▶ _Aim of the task_: Restate all entries word for word, minus pictures.

▶ _Data for this exercise_:
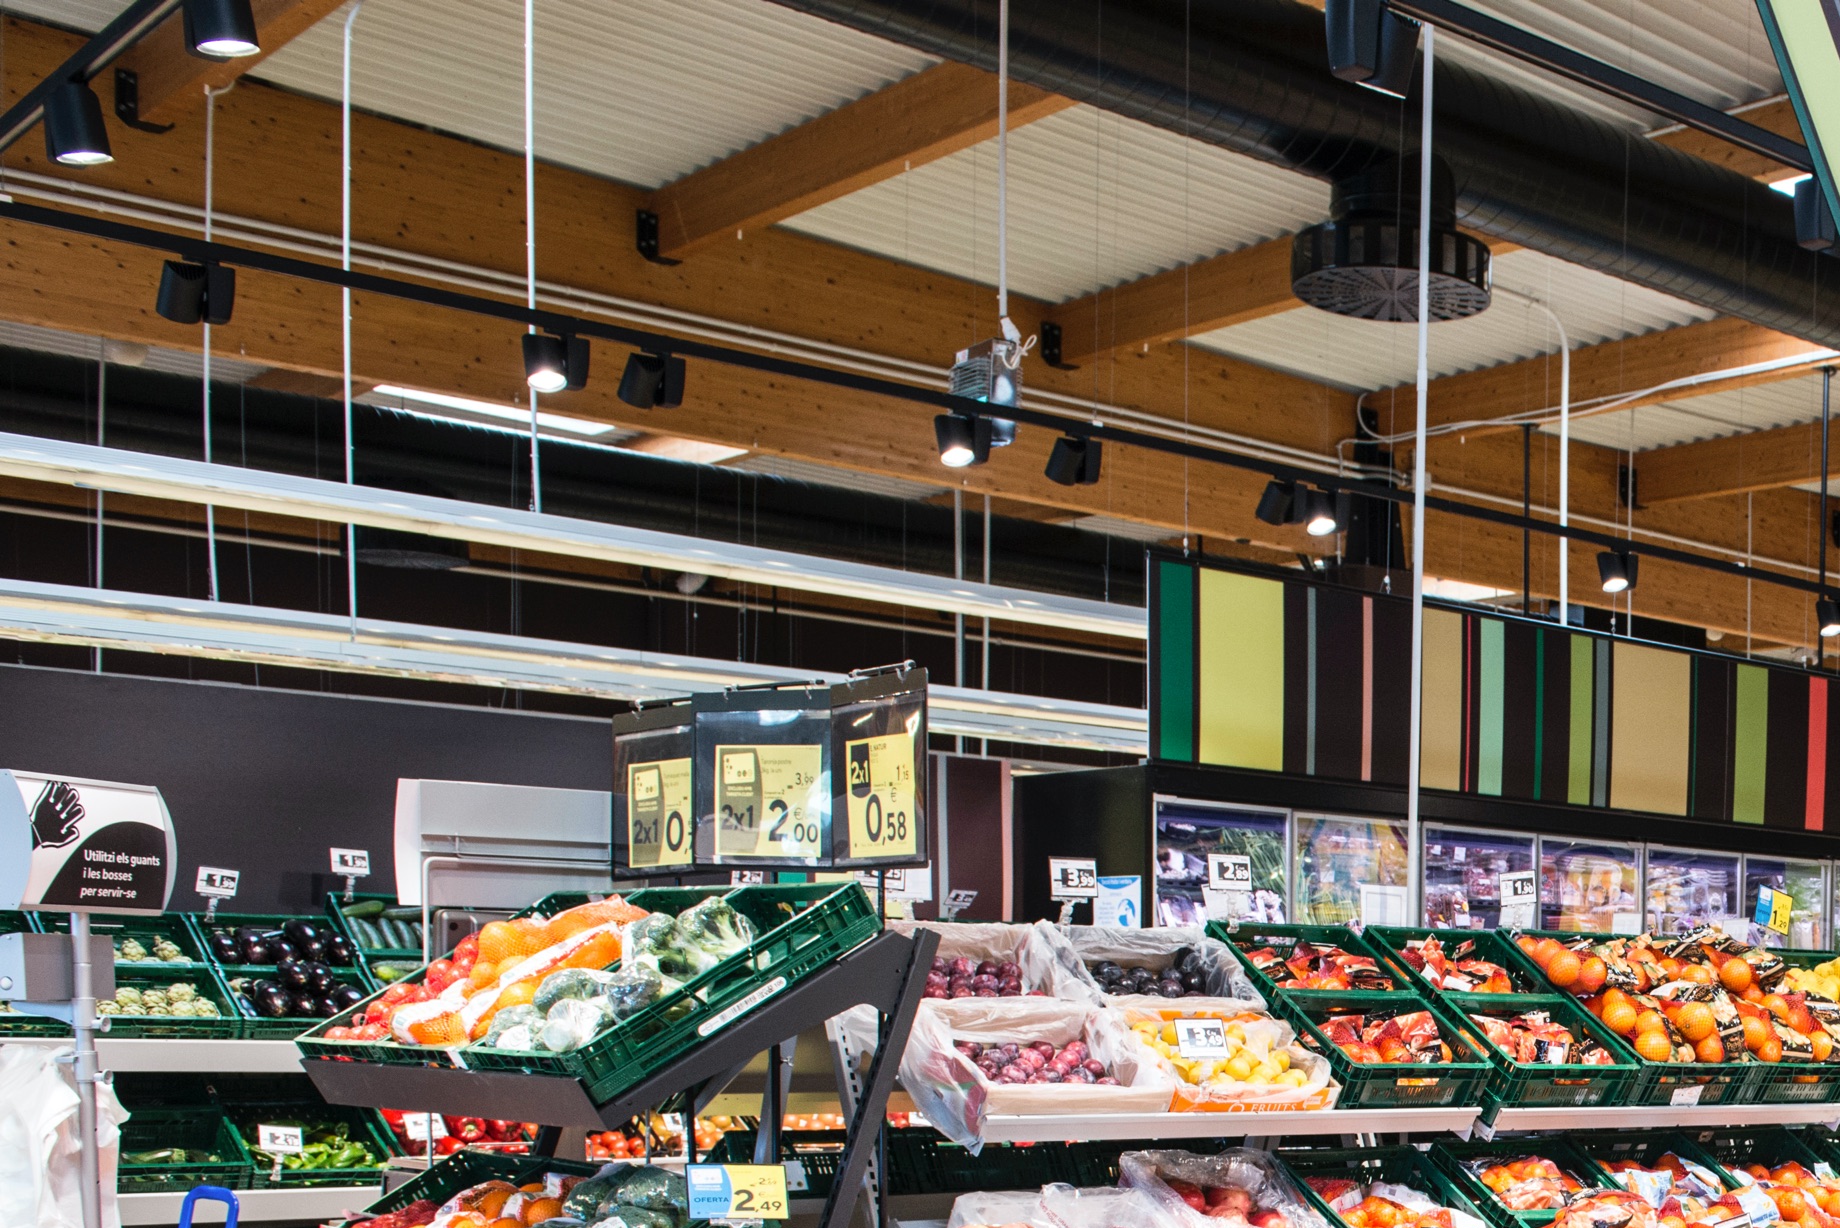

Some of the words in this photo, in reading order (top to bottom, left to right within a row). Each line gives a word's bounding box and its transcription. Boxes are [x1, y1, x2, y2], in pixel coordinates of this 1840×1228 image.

[851, 760, 869, 785] 2x1
[721, 804, 754, 831] 2x1
[768, 799, 818, 843] 200
[866, 794, 907, 846] 0,58
[633, 818, 660, 845] 2x1
[666, 810, 693, 855] 0,
[84, 849, 115, 863] Utilitzi
[116, 852, 129, 864] els
[130, 855, 160, 867] guants
[83, 867, 87, 878] i
[88, 867, 101, 879] les
[102, 868, 132, 881] bosses
[1066, 868, 1095, 888] 3,99
[80, 887, 97, 898] per
[97, 886, 137, 898] servir-se
[734, 1189, 782, 1213] 2,49
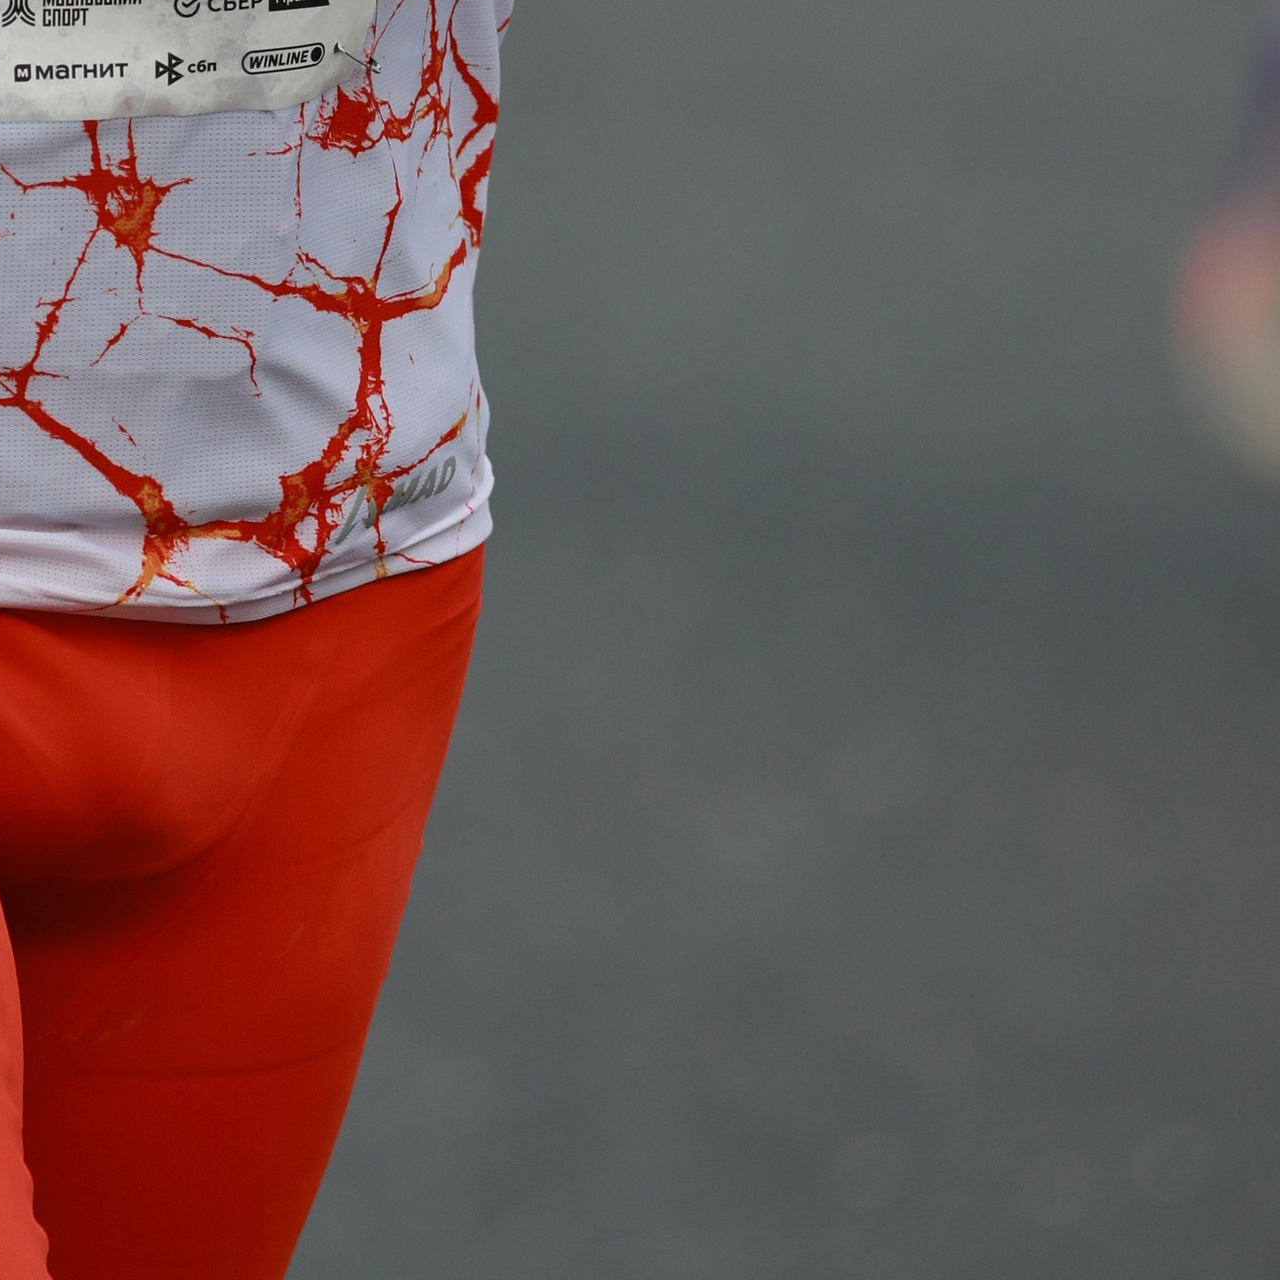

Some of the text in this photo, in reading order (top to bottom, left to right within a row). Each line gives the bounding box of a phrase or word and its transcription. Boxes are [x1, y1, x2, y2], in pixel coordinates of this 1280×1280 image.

[42, 7, 89, 27] СПОРТ
[187, 59, 217, 73] сбп
[249, 50, 310, 70] WINLINE
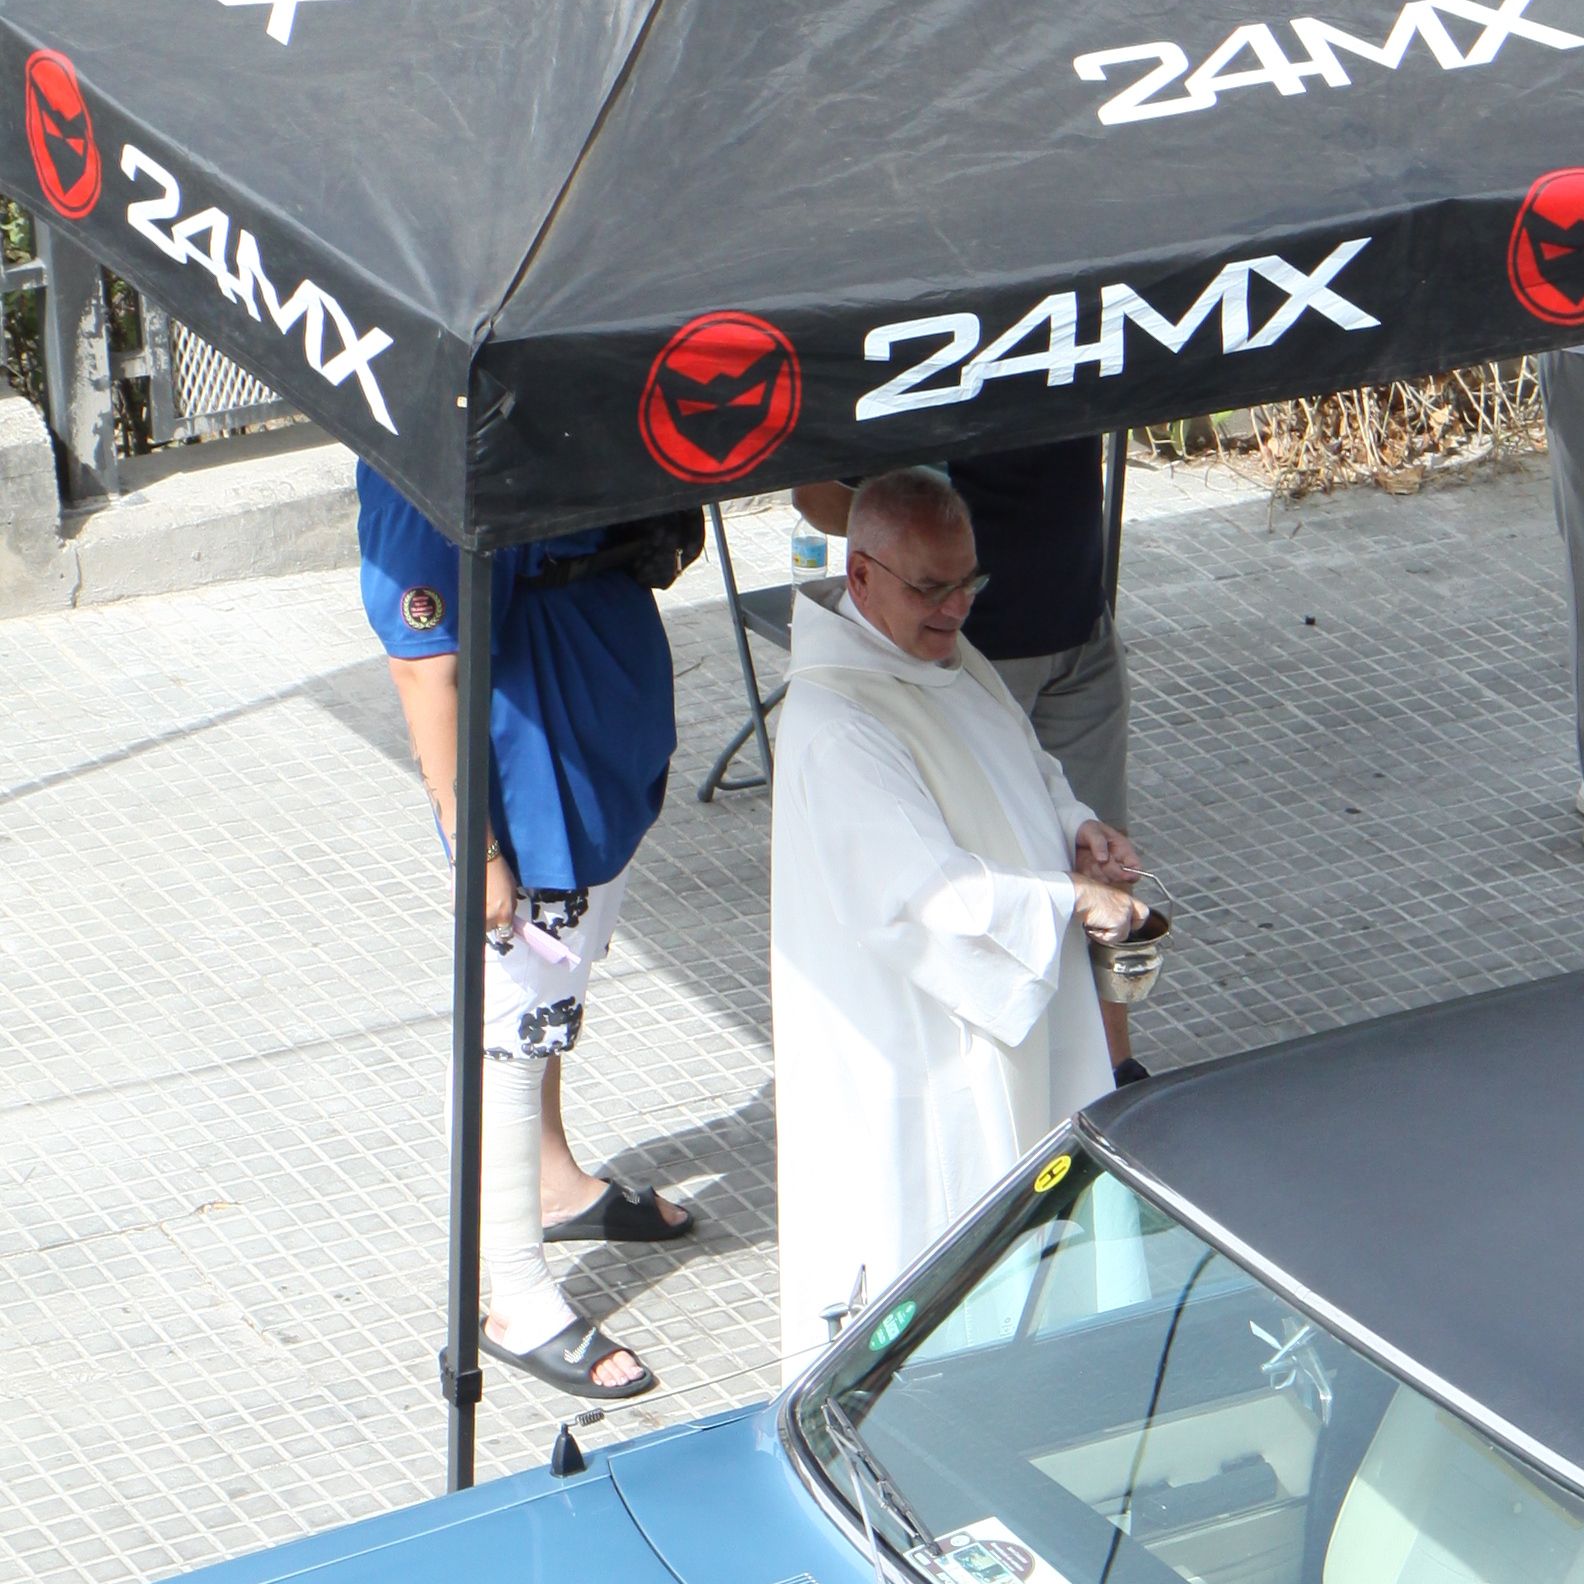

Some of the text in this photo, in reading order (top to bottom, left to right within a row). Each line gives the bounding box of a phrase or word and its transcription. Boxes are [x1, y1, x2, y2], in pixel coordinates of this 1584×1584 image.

[120, 143, 399, 436] 24MX
[855, 237, 1381, 421] 24MX
[1038, 1159, 1067, 1189] H

▶ _Solution to this problem_:
Some of the words in this photo, in reading order (top to bottom, left to right within a row). Each line gives a word's bounding box and its transcription. Boxes are [x1, y1, x2, y2], in pixel coordinates of this 1840×1228 image.

[851, 760, 869, 785] 2x1
[721, 804, 754, 831] 2x1
[768, 799, 818, 843] 200
[866, 794, 907, 846] 0,58
[633, 818, 660, 845] 2x1
[666, 810, 693, 855] 0,
[84, 849, 115, 863] Utilitzi
[116, 852, 129, 864] els
[130, 855, 160, 867] guants
[83, 867, 87, 878] i
[88, 867, 101, 879] les
[102, 868, 132, 881] bosses
[1066, 868, 1095, 888] 3,99
[80, 887, 97, 898] per
[97, 886, 137, 898] servir-se
[734, 1189, 782, 1213] 2,49

Some of the text in this photo, in reading order (top to bottom, left to right within a row). Each line gives the bounding box of a phrase or word and its transcription. Boxes are [x1, y1, x2, y2], in pixel coordinates of this 1280×1280 image.

[42, 7, 89, 27] СПОРТ
[187, 59, 217, 73] сбп
[249, 50, 310, 70] WINLINE

Some of the text in this photo, in reading order (top to bottom, left to right within a row). Each line gives the bounding box of a phrase or word and its transcription. Boxes are [x1, y1, x2, y2], in pixel coordinates of this 1584×1584 image.

[120, 143, 399, 436] 24MX
[855, 237, 1381, 421] 24MX
[1038, 1159, 1067, 1189] H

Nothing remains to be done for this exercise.